▸ Extracted entries:
╭──

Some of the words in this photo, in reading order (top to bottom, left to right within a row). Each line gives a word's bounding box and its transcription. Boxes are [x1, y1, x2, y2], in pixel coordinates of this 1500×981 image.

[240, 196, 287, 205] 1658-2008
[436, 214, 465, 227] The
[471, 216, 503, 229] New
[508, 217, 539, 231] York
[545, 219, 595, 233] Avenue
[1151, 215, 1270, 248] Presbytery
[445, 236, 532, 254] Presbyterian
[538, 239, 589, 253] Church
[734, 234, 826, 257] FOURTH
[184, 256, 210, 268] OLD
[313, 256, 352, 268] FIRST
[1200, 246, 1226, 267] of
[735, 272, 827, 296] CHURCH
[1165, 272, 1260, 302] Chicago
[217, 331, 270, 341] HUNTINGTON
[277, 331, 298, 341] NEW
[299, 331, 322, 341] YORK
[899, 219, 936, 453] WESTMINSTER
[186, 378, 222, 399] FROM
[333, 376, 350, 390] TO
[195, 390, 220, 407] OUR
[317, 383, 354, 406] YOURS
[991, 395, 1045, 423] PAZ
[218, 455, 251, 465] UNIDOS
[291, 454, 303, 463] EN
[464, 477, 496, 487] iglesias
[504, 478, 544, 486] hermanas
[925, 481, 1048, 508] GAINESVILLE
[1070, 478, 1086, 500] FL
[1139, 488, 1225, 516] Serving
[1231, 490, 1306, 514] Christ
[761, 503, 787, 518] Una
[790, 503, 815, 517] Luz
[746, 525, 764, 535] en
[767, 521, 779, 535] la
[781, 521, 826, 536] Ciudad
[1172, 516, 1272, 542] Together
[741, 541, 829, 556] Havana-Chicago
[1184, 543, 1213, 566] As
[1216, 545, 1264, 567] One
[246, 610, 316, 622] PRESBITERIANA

╰──

▸ Goal of the exercise: Extract all the entries word for word.

▸ Answer to this problem:
Some of the words in this photo, in reading order (top to bottom, left to right within a row). Each line gives a word's bounding box and its transcription. Boxes are [x1, y1, x2, y2], in pixel coordinates of this 1500×981 image.

[240, 196, 287, 205] 1658-2008
[436, 214, 465, 227] The
[471, 216, 503, 229] New
[508, 217, 539, 231] York
[545, 219, 595, 233] Avenue
[1151, 215, 1270, 248] Presbytery
[445, 236, 532, 254] Presbyterian
[538, 239, 589, 253] Church
[734, 234, 826, 257] FOURTH
[184, 256, 210, 268] OLD
[313, 256, 352, 268] FIRST
[1200, 246, 1226, 267] of
[735, 272, 827, 296] CHURCH
[1165, 272, 1260, 302] Chicago
[217, 331, 270, 341] HUNTINGTON
[277, 331, 298, 341] NEW
[299, 331, 322, 341] YORK
[899, 219, 936, 453] WESTMINSTER
[186, 378, 222, 399] FROM
[333, 376, 350, 390] TO
[195, 390, 220, 407] OUR
[317, 383, 354, 406] YOURS
[991, 395, 1045, 423] PAZ
[218, 455, 251, 465] UNIDOS
[291, 454, 303, 463] EN
[464, 477, 496, 487] iglesias
[504, 478, 544, 486] hermanas
[925, 481, 1048, 508] GAINESVILLE
[1070, 478, 1086, 500] FL
[1139, 488, 1225, 516] Serving
[1231, 490, 1306, 514] Christ
[761, 503, 787, 518] Una
[790, 503, 815, 517] Luz
[746, 525, 764, 535] en
[767, 521, 779, 535] la
[781, 521, 826, 536] Ciudad
[1172, 516, 1272, 542] Together
[741, 541, 829, 556] Havana-Chicago
[1184, 543, 1213, 566] As
[1216, 545, 1264, 567] One
[246, 610, 316, 622] PRESBITERIANA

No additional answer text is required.